O voto indireto, mais conhecido que o voto plural, é aquele que o eleitor primário confere a outro eleitor, sendo este incumbido da eleição final. No Brasil, o sistema do voto indireto foi copiado da Constituição espanhola de 1812, adotada por José Bonifácio, quando das suas instruções normativas para a eleição dos deputados brasileiros às Cortes de Lisboa. O sistema indireto prevaleceu, no Império, até 1881, quando o voto direto foi estabelecido pelo conselheiro José Antônio Saraiva (1823-1895).
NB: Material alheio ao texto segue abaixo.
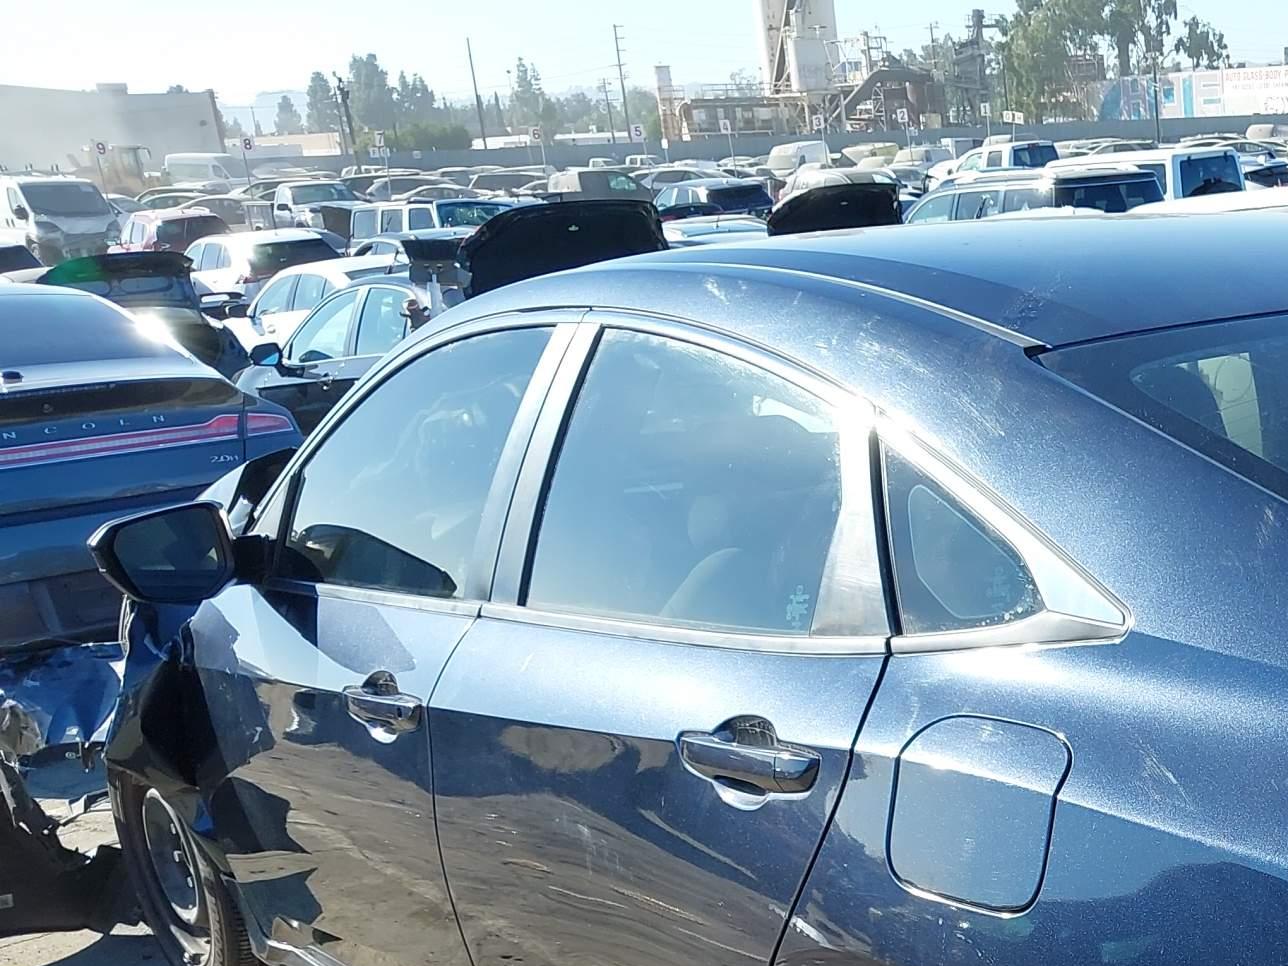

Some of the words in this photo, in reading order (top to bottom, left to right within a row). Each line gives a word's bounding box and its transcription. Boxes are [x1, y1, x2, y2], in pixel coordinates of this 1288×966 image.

[532, 129, 540, 139] 6
[634, 126, 642, 137] 5
[243, 138, 252, 150] 8
[376, 133, 385, 144] 7
[96, 142, 106, 154] 9
No Brasil, a primeira eleição para o Conselho Municipal para a Vila de São Vicente, em São Paulo, foi indireta: o povo da vila elegeu seis representantes que, em seguida, escolheram os oficiais do Conselho. As autoridades de Portugal não podiam estar nos locais de votação para não intimidar a população, ainda que as eleições seguissem as Ordenações do Reino, de 1603, de Portugal. A consequência é que as eleições coloniais davam-se apenas em nível municipal.
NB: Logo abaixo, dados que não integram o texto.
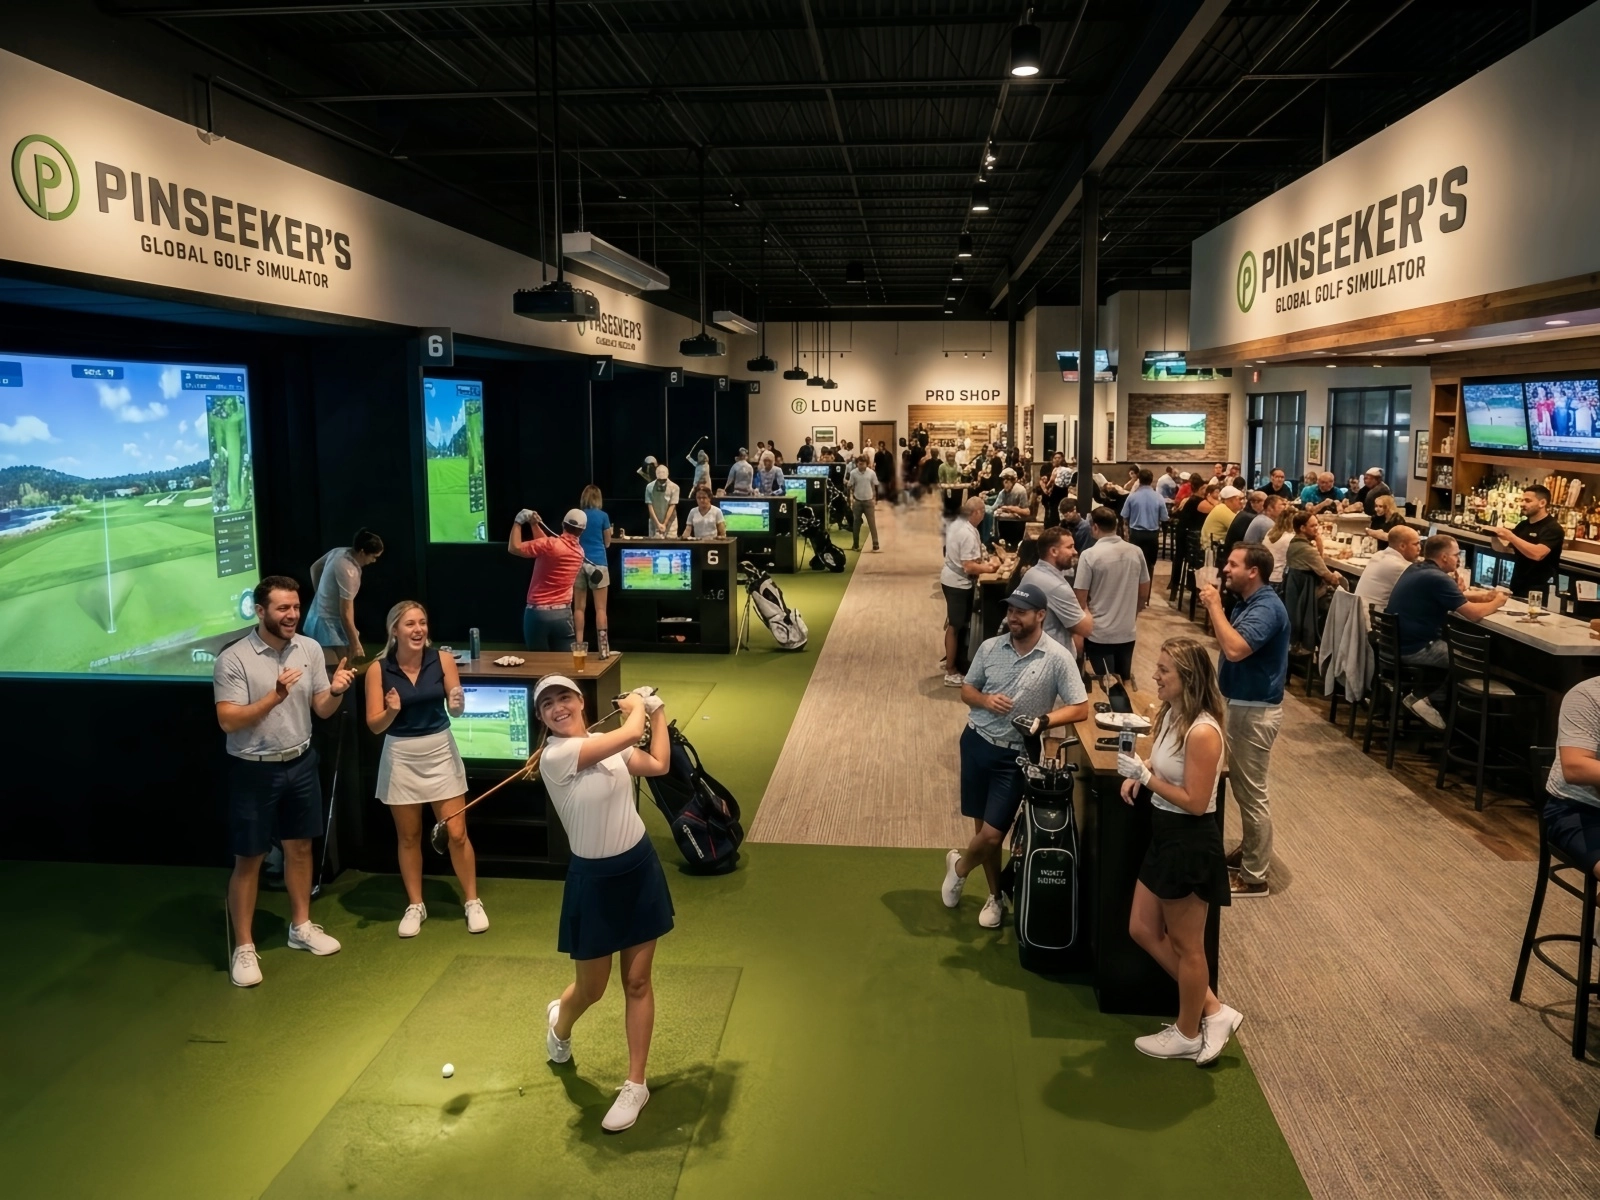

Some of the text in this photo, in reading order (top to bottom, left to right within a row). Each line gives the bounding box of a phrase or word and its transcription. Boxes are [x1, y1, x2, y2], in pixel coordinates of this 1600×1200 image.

O voto direto é considerado o mais adequado ao regime republicano pela literatura de ciências políticas. Na França, em 1788, segundo as deliberações da assembleia de notáveis reunidas por Luís XVI (1754-1793) para fixar as regras que deveriam presidir as eleições dos Estados Gerais, apesar das eleições de deputados serem abertas a todos cidadãos, o voto direto era reservado para os nobres e eclesiásticos, tendo os restantes eleitores apenas direito ao voto indireto. Este é um tipo muito importante, tema de debates entre os estudiosos porque se trata justamente de identificar o tipo de voto dominante na história do Brasil, se direto ou indireto. O que se chama no Brasil de voto indireto, processo que serviu para a eleição de alguns presidentes da República, como Deodoro da Fonseca, Getúlio Vargas e os eleitos, entre 1964 e 1985, de fato não corresponde ao conceito clássico. A rigor, nos casos brasileiros trata-se, na verdade, de voto direto, porque o eleitor presencial não pode alterar a comissão que recebeu poder do eleitor primário, mas dá-se em dois graus porque, formalmente, a eleição presencial só se completa com a reunião e votação do grupo dos eleitores eleitos pelo voto primário.
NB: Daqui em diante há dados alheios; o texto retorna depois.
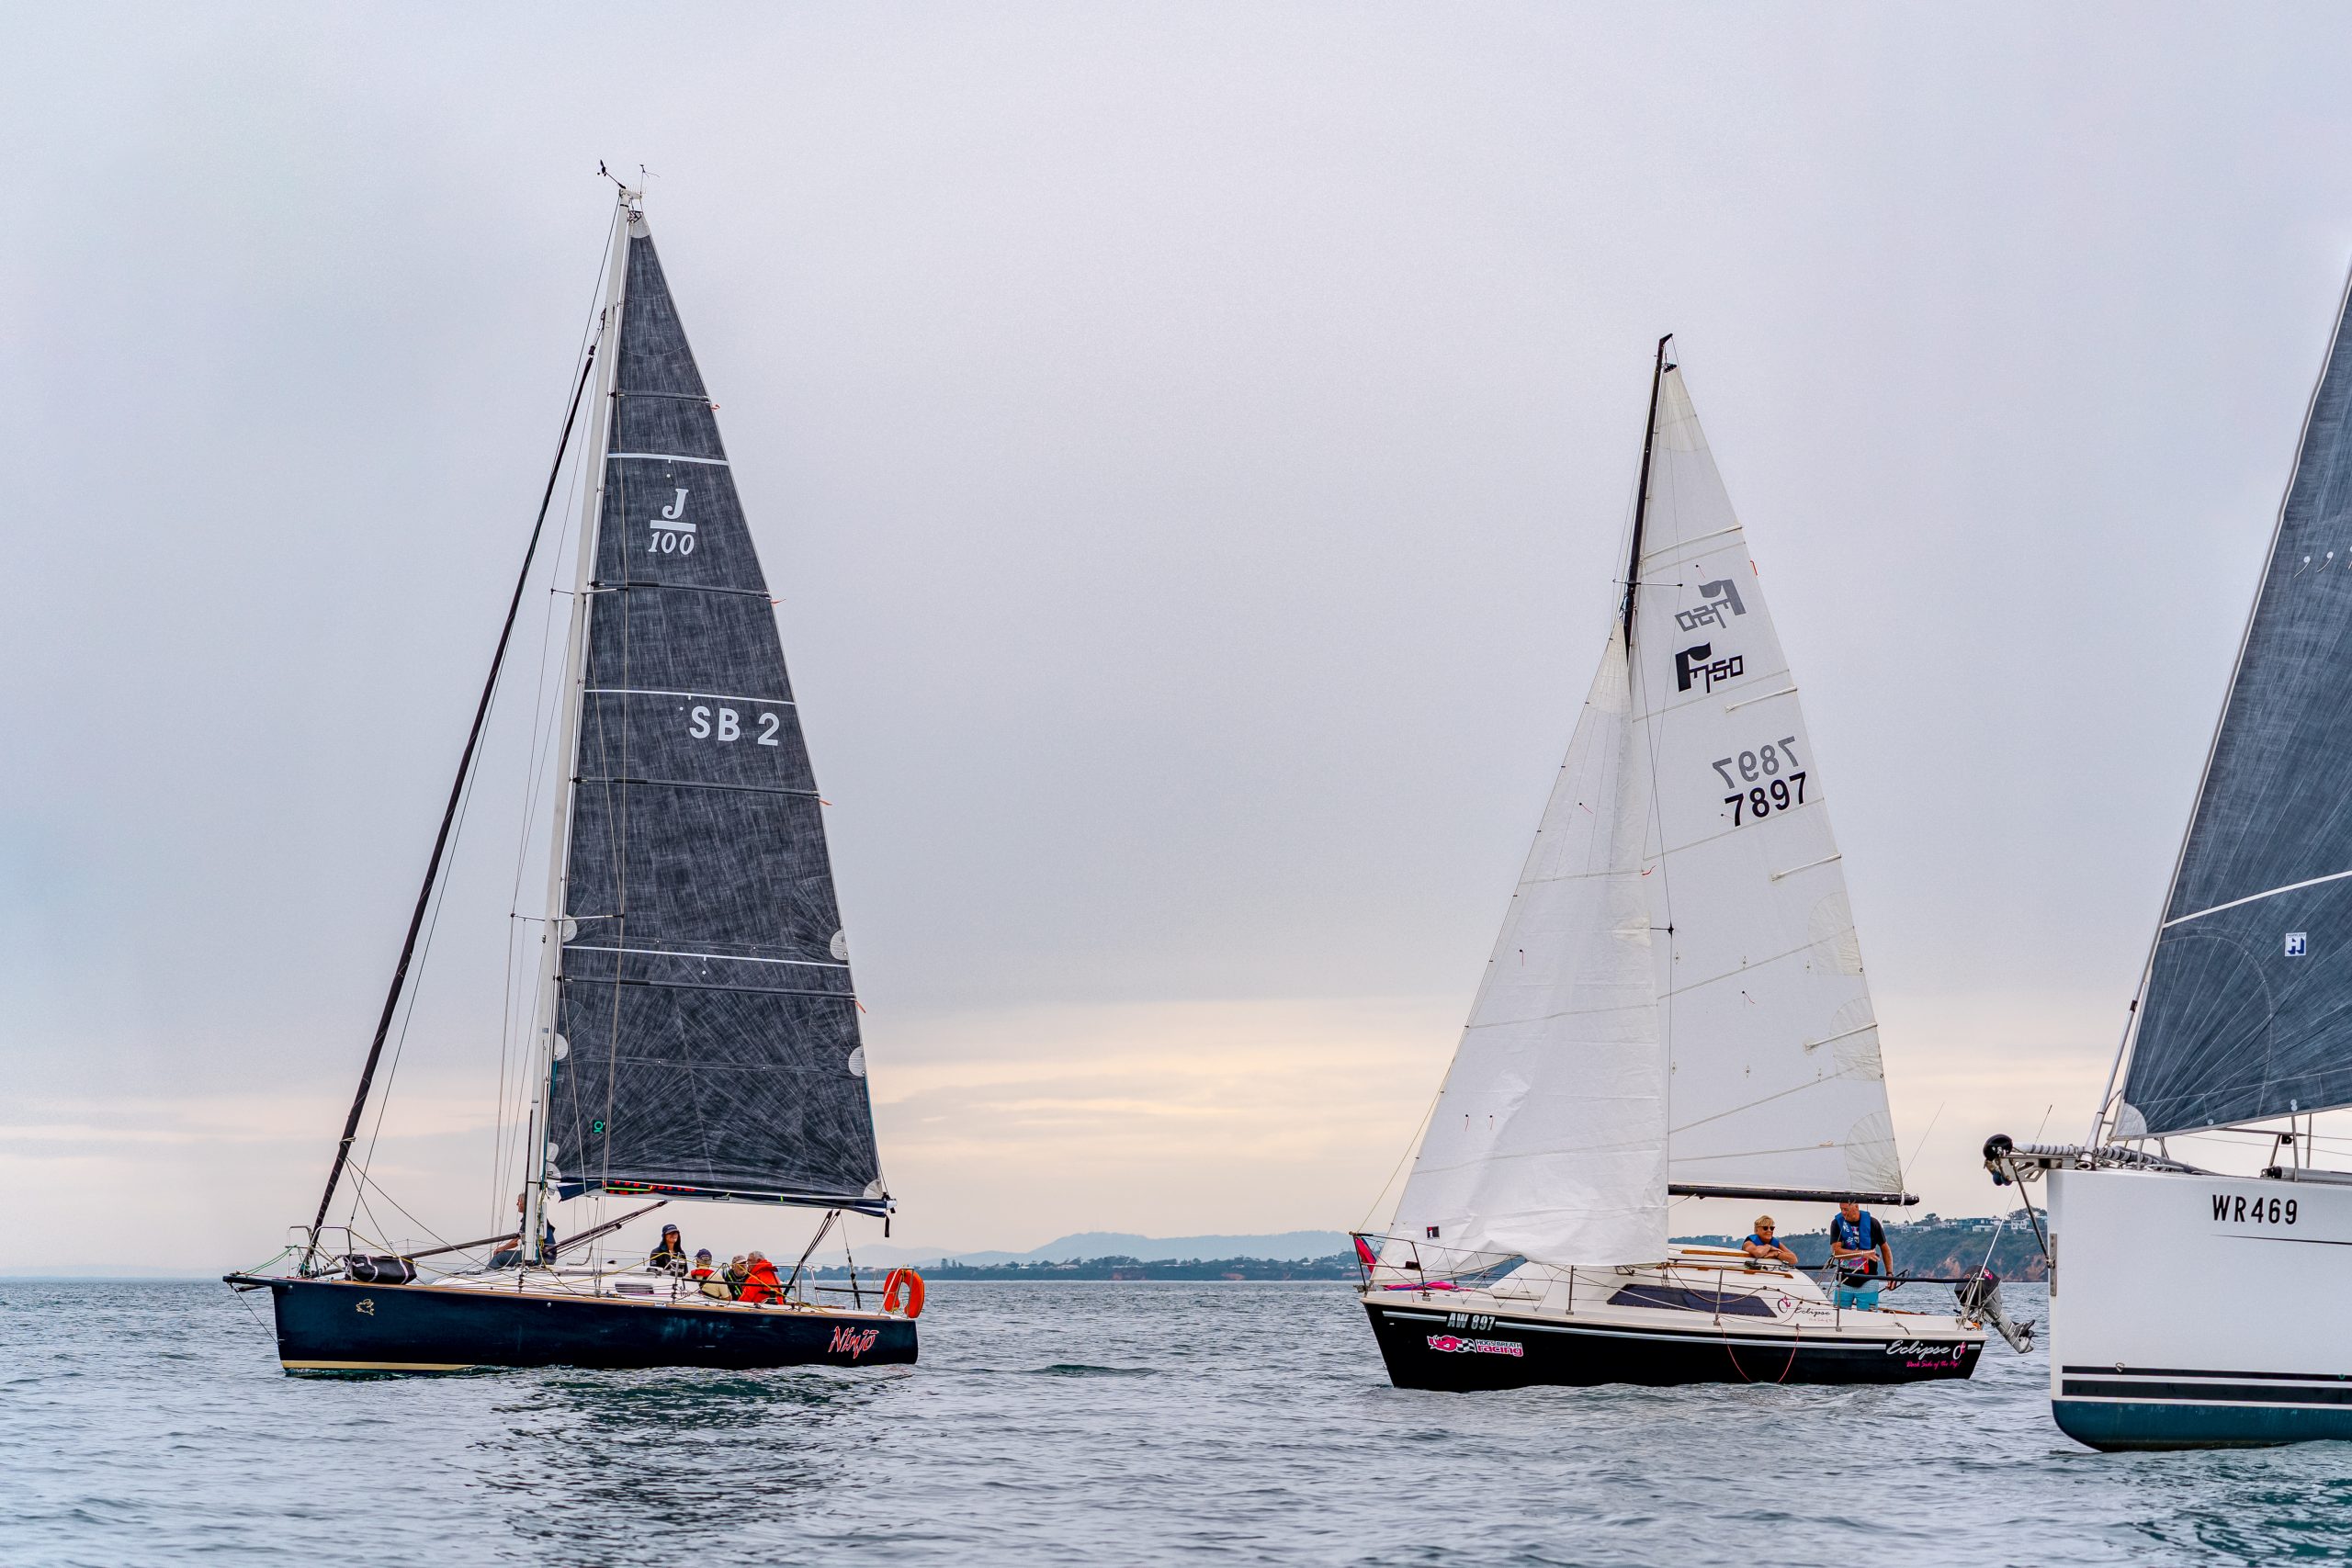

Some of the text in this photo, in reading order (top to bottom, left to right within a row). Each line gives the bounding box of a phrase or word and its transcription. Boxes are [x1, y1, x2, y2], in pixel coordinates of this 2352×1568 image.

[662, 488, 689, 520] J
[648, 531, 695, 556] 100
[689, 705, 780, 746] SB 2
[1724, 771, 1806, 828] 7897
[2212, 1194, 2298, 1225] WR469
[1447, 1313, 1496, 1331] AW 897
[1477, 1345, 1523, 1357] racing
[1886, 1339, 1951, 1360] Eclipse
Sociólogo e cientista político inglês, Stuart Mill foi um dos primeiros a defender a adoção do voto proporcional | Foto: wikipedia.org.br
Sociólogo e cientista político inglês, Stuart Mill foi um dos primeiros a defender a adoção do voto proporcional | Foto: wikipedia.org.br

O voto proporcional, de representação proporcional, começou a ser cogitado em meados do séc. XIX, sendo o sociólogo e cientista político inglês Stuart Mill um dos pioneiros a defender sua adoção. Embora nunca tenha prevalecido na Inglaterra, o voto proporcional foi adotado em vários países, inclusive no Brasil. Funda-se no conceito válido de que o sistema majoritário, pela diferença de poucas unidades, pode deixar sem representação minorias consideráveis e às vezes aproximadas à maioria vitoriosa. O voto proporcional estabelece um sistema de quocientes obtidos através da divisão do número de votantes pelo de postos a serem preenchidos. Todo candidato que, dentro da lista, atingir tal quociente estará eleito. Várias são as modalidades de voto proporcional. Embora seja um tipo também contestado, a observação ensina que o sufrágio proporcional tende a aumentar o número dos partidos políticos, enquanto que o sufrágio majoritário, habitualmente, reduz as mesmas organizações. Na Inglaterra e nos EUA, onde se pratica o voto majoritário em círculo uninominal, os partidos são praticamente apenas dois, aparecendo os demais como expressões de quase nenhuma importância ou como manifestação de condições locais.

5. O voto no Brasil

5.1.Os primórdios das eleições no Brasil (1532-1822)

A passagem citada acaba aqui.